### MATERIAL FOR THIS EXERCISE
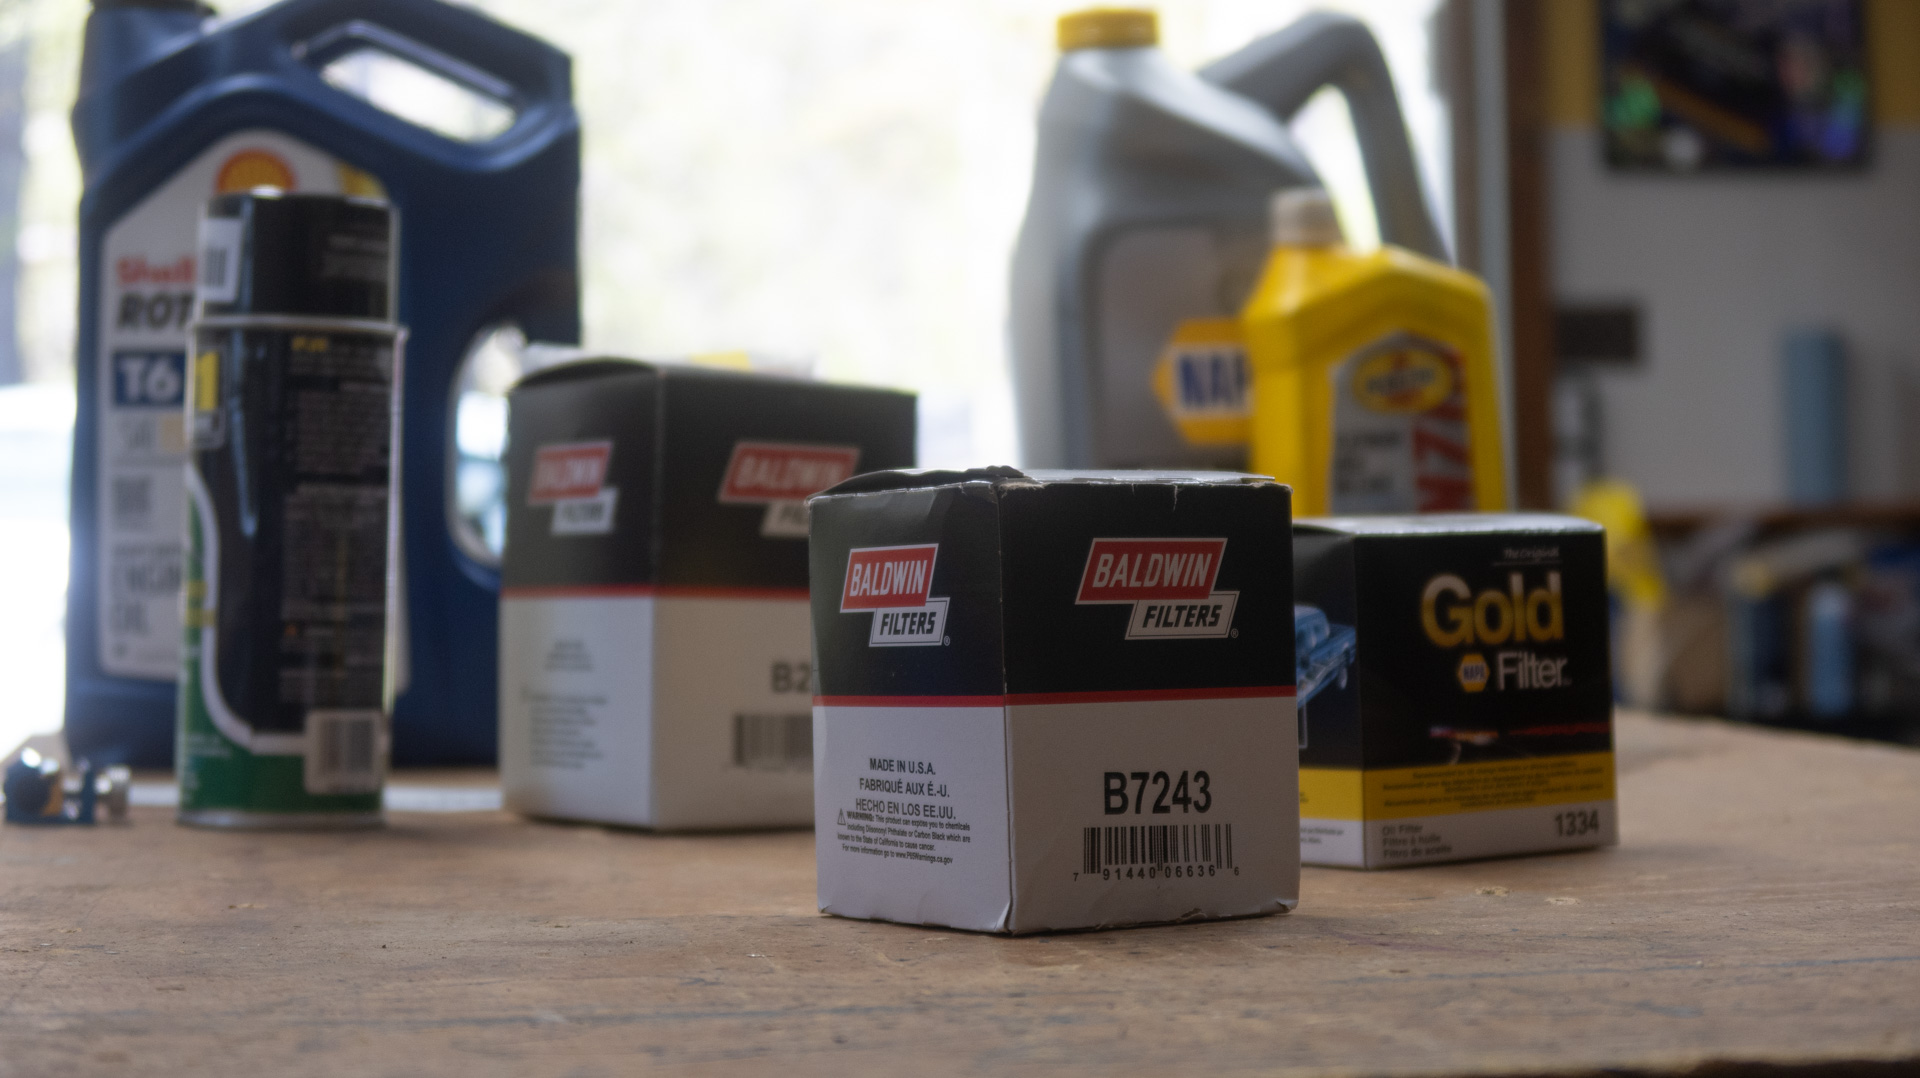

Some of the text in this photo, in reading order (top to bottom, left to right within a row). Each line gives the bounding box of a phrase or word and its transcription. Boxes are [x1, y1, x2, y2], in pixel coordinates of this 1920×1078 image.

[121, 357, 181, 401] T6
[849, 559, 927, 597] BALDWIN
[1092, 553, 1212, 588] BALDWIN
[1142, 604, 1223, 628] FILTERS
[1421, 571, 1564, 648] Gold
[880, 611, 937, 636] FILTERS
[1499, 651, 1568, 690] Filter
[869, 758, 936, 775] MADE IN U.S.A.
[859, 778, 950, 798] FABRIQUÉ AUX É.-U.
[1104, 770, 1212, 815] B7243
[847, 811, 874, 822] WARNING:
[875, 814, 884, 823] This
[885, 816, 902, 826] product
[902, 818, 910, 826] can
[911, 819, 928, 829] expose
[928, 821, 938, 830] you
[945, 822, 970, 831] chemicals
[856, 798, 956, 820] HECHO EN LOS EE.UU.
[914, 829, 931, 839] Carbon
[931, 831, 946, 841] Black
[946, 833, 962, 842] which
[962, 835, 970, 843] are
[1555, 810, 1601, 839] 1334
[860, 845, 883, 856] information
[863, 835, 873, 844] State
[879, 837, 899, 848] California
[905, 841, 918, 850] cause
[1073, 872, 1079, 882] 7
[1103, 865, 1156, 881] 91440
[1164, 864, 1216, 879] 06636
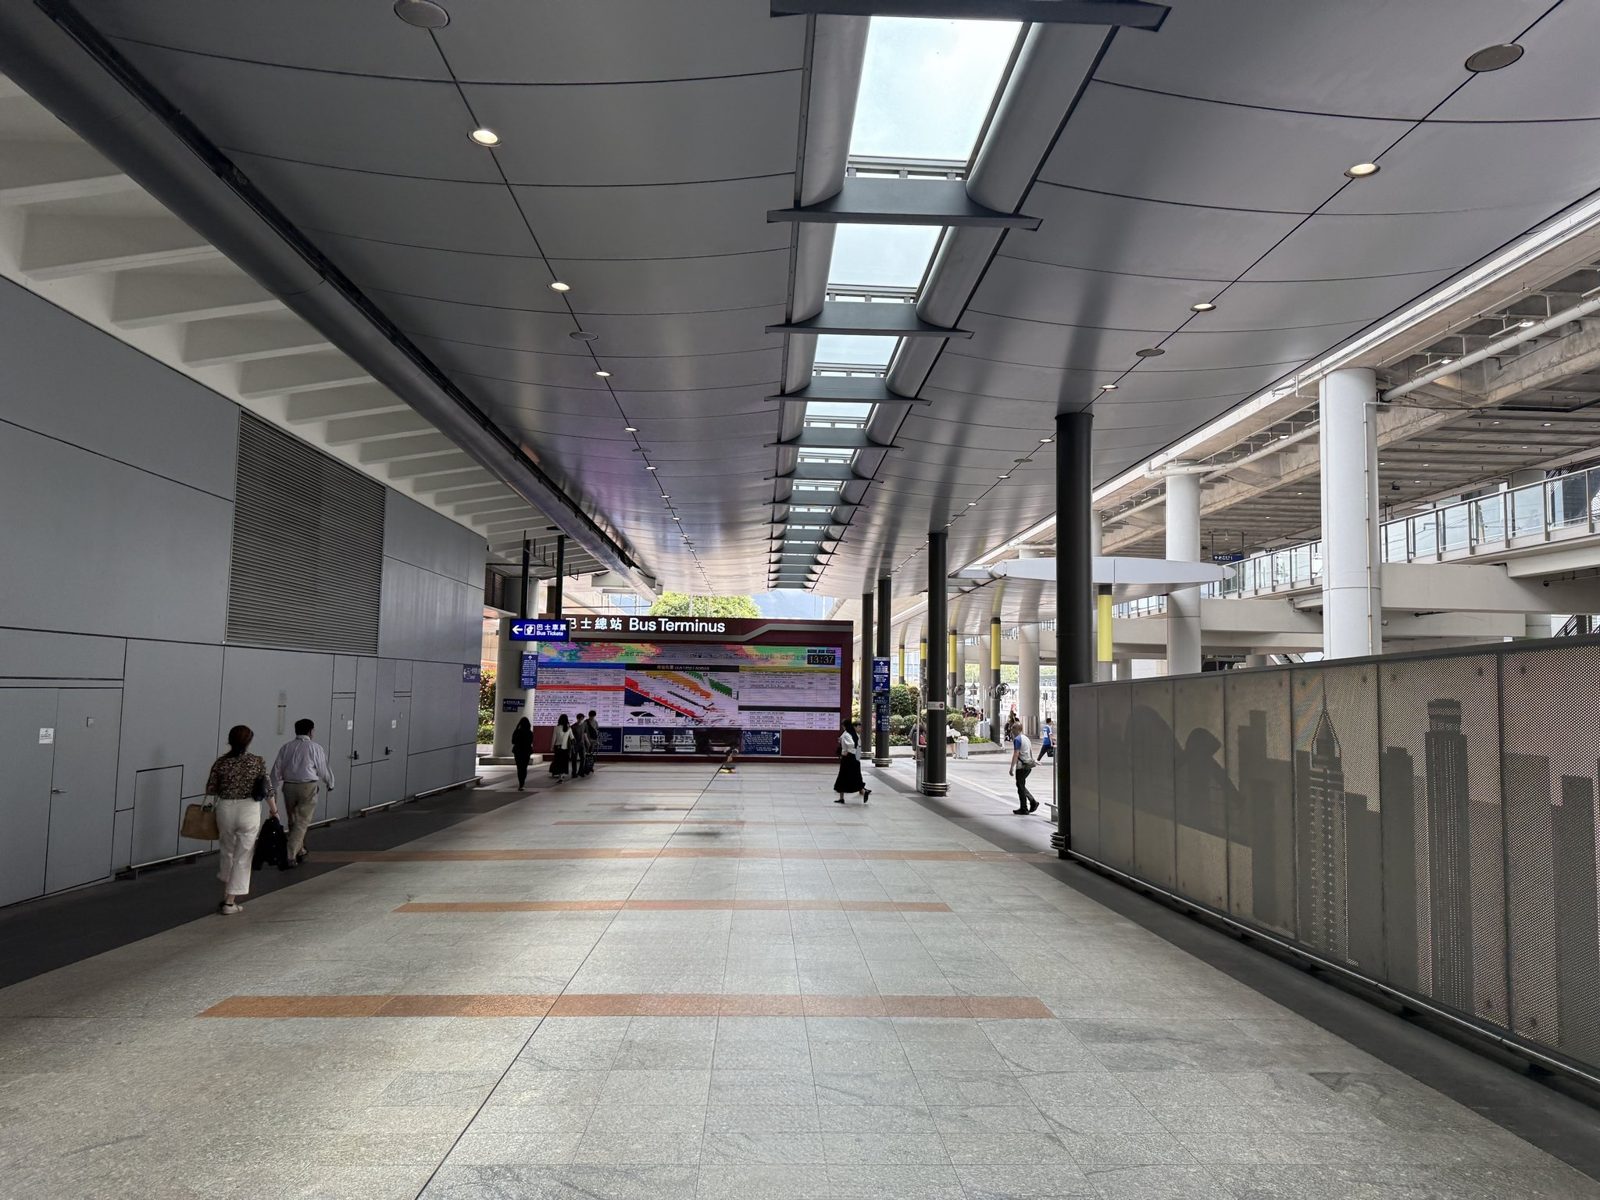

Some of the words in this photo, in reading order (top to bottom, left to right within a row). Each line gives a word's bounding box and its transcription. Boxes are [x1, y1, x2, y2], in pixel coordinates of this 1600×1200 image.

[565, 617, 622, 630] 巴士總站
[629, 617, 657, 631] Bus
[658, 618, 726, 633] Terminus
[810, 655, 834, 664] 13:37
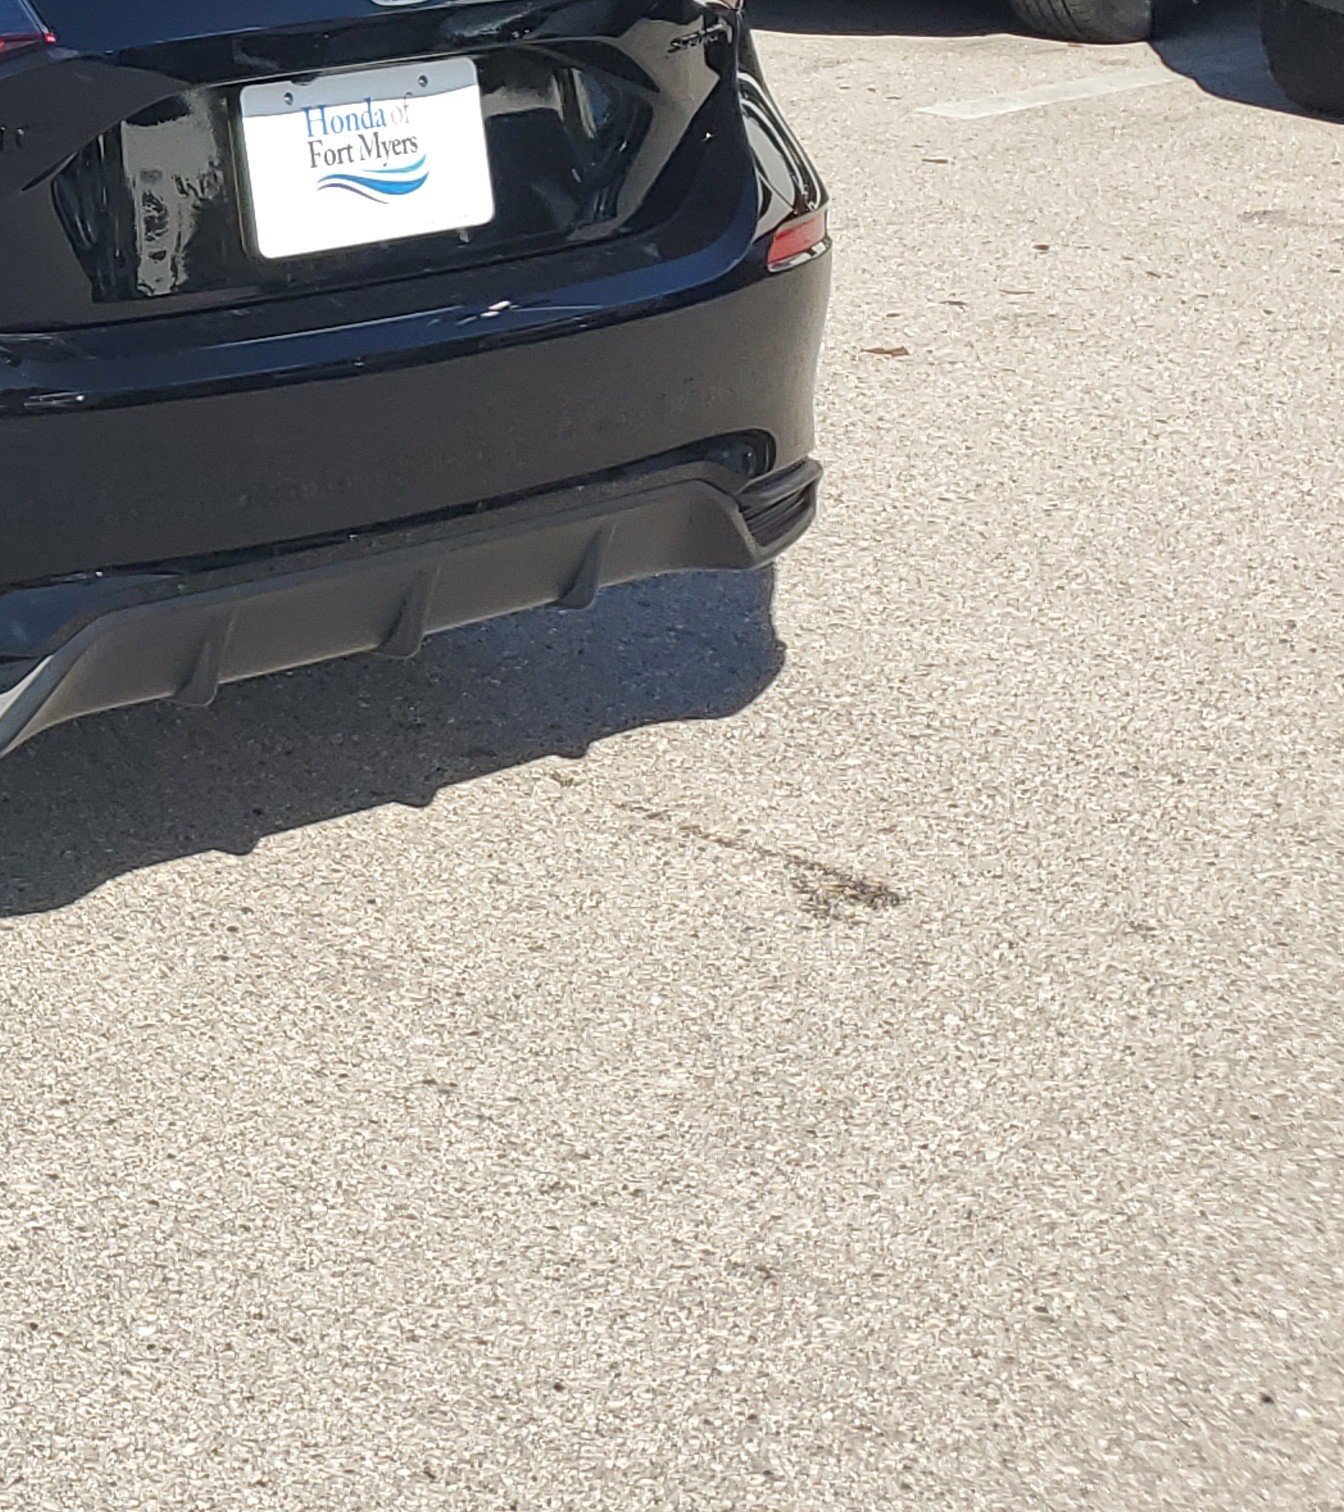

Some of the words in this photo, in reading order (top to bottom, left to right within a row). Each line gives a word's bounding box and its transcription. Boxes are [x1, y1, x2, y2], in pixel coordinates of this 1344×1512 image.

### YOUR GOAL
Drop every image, please, and write out the data above exactly as shown.

### OUTPUT BELOW
Some of the text in this photo, in reading order (top to bottom, left to right within a row). Each line gives the bounding box of a phrase or word and its transcription. Boxes are [x1, y1, x2, y2], in pixel coordinates of this 1920×1078 image.

[121, 357, 181, 401] T6
[849, 559, 927, 597] BALDWIN
[1092, 553, 1212, 588] BALDWIN
[1142, 604, 1223, 628] FILTERS
[1421, 571, 1564, 648] Gold
[880, 611, 937, 636] FILTERS
[1499, 651, 1568, 690] Filter
[869, 758, 936, 775] MADE IN U.S.A.
[859, 778, 950, 798] FABRIQUÉ AUX É.-U.
[1104, 770, 1212, 815] B7243
[847, 811, 874, 822] WARNING:
[875, 814, 884, 823] This
[885, 816, 902, 826] product
[902, 818, 910, 826] can
[911, 819, 928, 829] expose
[928, 821, 938, 830] you
[945, 822, 970, 831] chemicals
[856, 798, 956, 820] HECHO EN LOS EE.UU.
[914, 829, 931, 839] Carbon
[931, 831, 946, 841] Black
[946, 833, 962, 842] which
[962, 835, 970, 843] are
[1555, 810, 1601, 839] 1334
[860, 845, 883, 856] information
[863, 835, 873, 844] State
[879, 837, 899, 848] California
[905, 841, 918, 850] cause
[1073, 872, 1079, 882] 7
[1103, 865, 1156, 881] 91440
[1164, 864, 1216, 879] 06636

Some of the words in this photo, in reading order (top to bottom, left to right within a row). Each line gives a word's bounding box and its transcription. Boxes are [x1, y1, x2, y2], in pixel coordinates of this 1600×1200 image.

[565, 617, 622, 630] 巴士總站
[629, 617, 657, 631] Bus
[658, 618, 726, 633] Terminus
[810, 655, 834, 664] 13:37

Some of the words in this photo, in reading order (top to bottom, left to right within a row). Each line gives a word's bounding box and its transcription. Boxes are [x1, y1, x2, y2], in pixel coordinates of this 1344×1512 image.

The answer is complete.